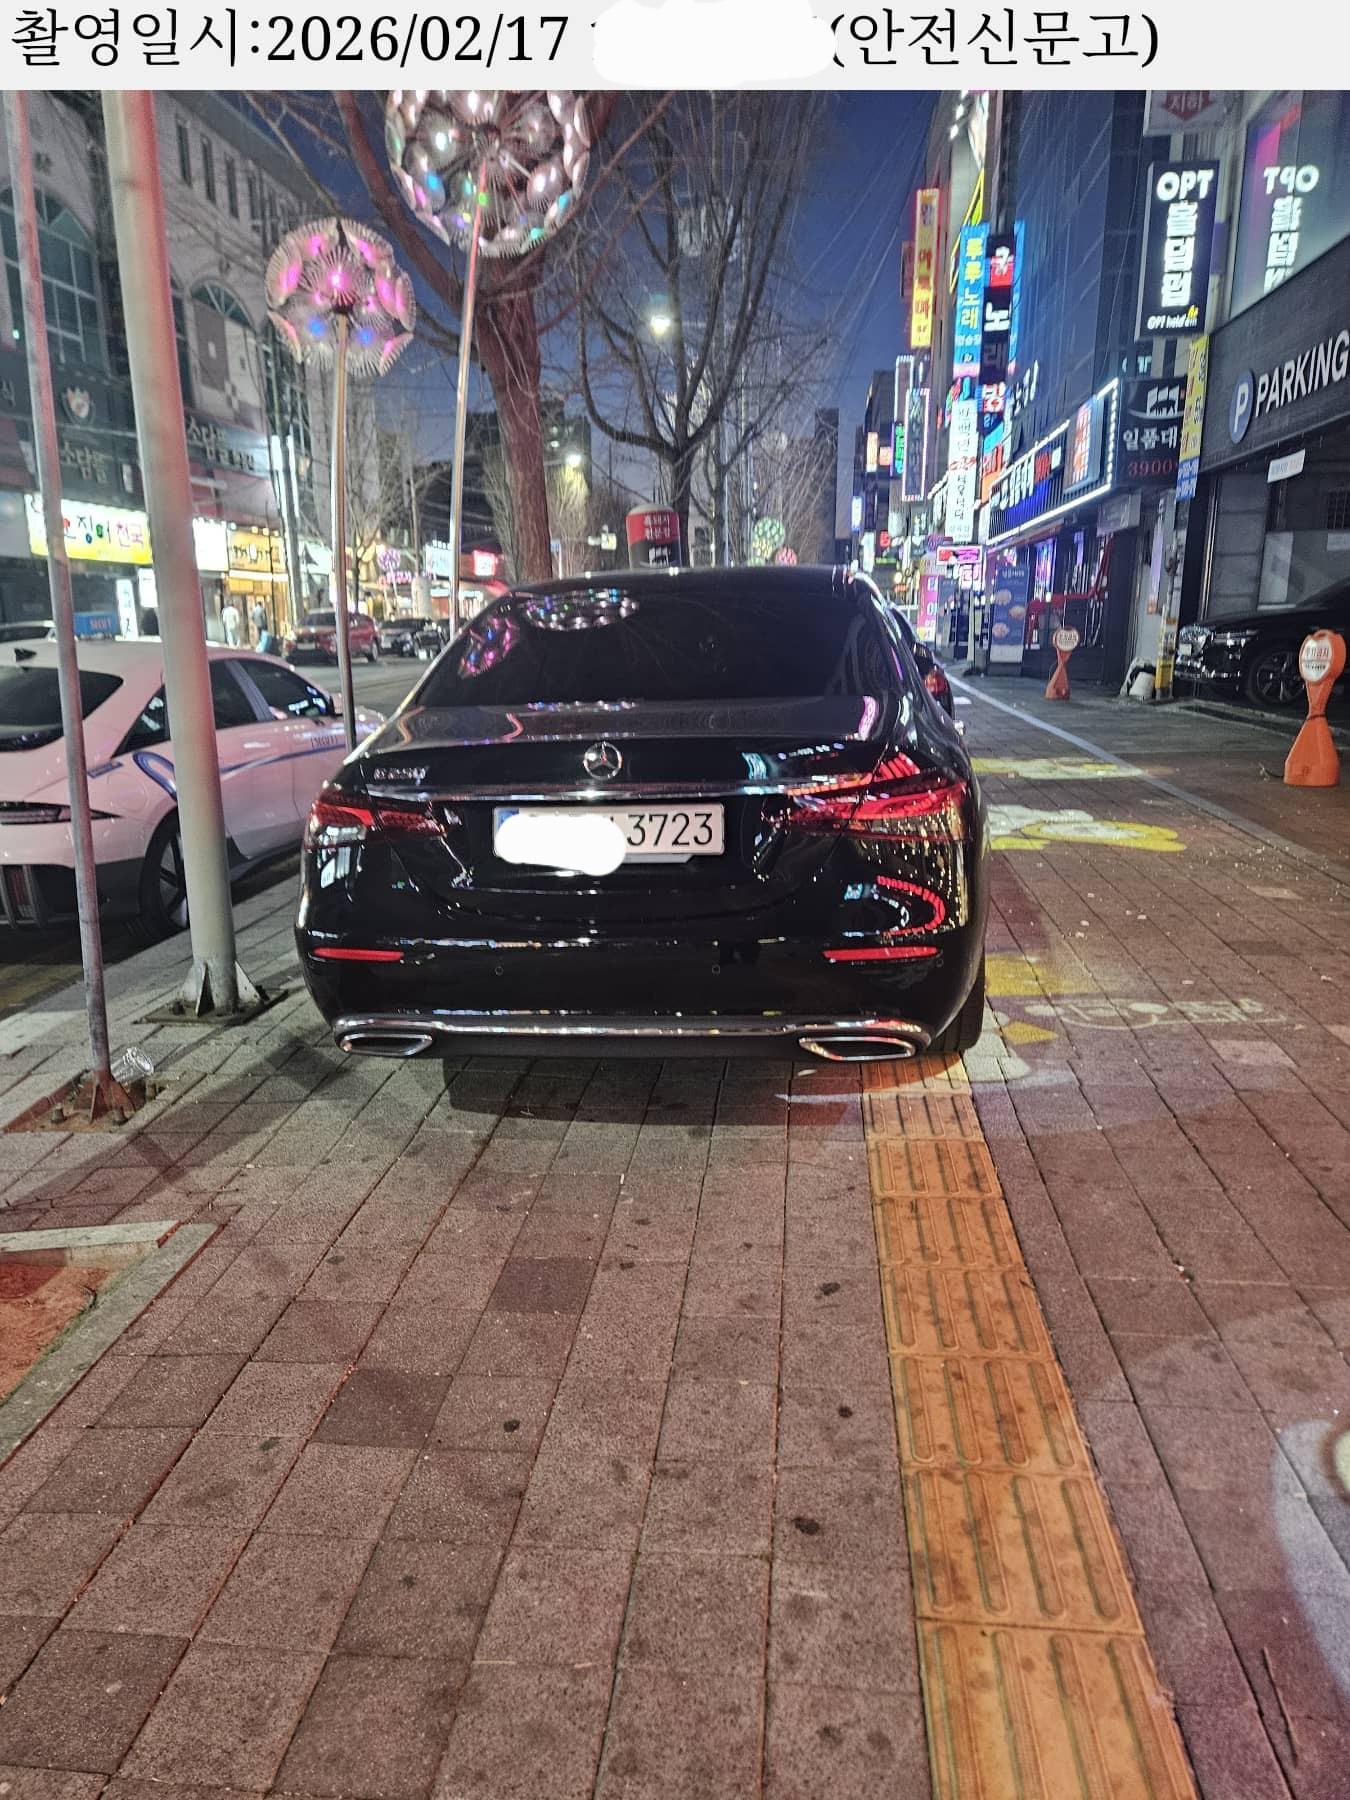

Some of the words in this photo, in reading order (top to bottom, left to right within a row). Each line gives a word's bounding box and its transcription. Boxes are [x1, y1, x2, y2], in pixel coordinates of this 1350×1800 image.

[1157, 169, 1214, 202] OPT
[1256, 329, 1350, 418] PARKING
[1123, 427, 1180, 452] 일품대
[1128, 458, 1178, 478] 3900
[627, 812, 713, 847] 3723

● ● ● ● ●

Each entry is to be given again exactly as it stands, with its pictures removed.

Some of the words in this photo, in reading order (top to bottom, left to right within a row). Each line gives a word's bounding box and its transcription. Boxes are [x1, y1, x2, y2], in pixel coordinates of this 1350×1800 image.

[1157, 169, 1214, 202] OPT
[1256, 329, 1350, 418] PARKING
[1123, 427, 1180, 452] 일품대
[1128, 458, 1178, 478] 3900
[627, 812, 713, 847] 3723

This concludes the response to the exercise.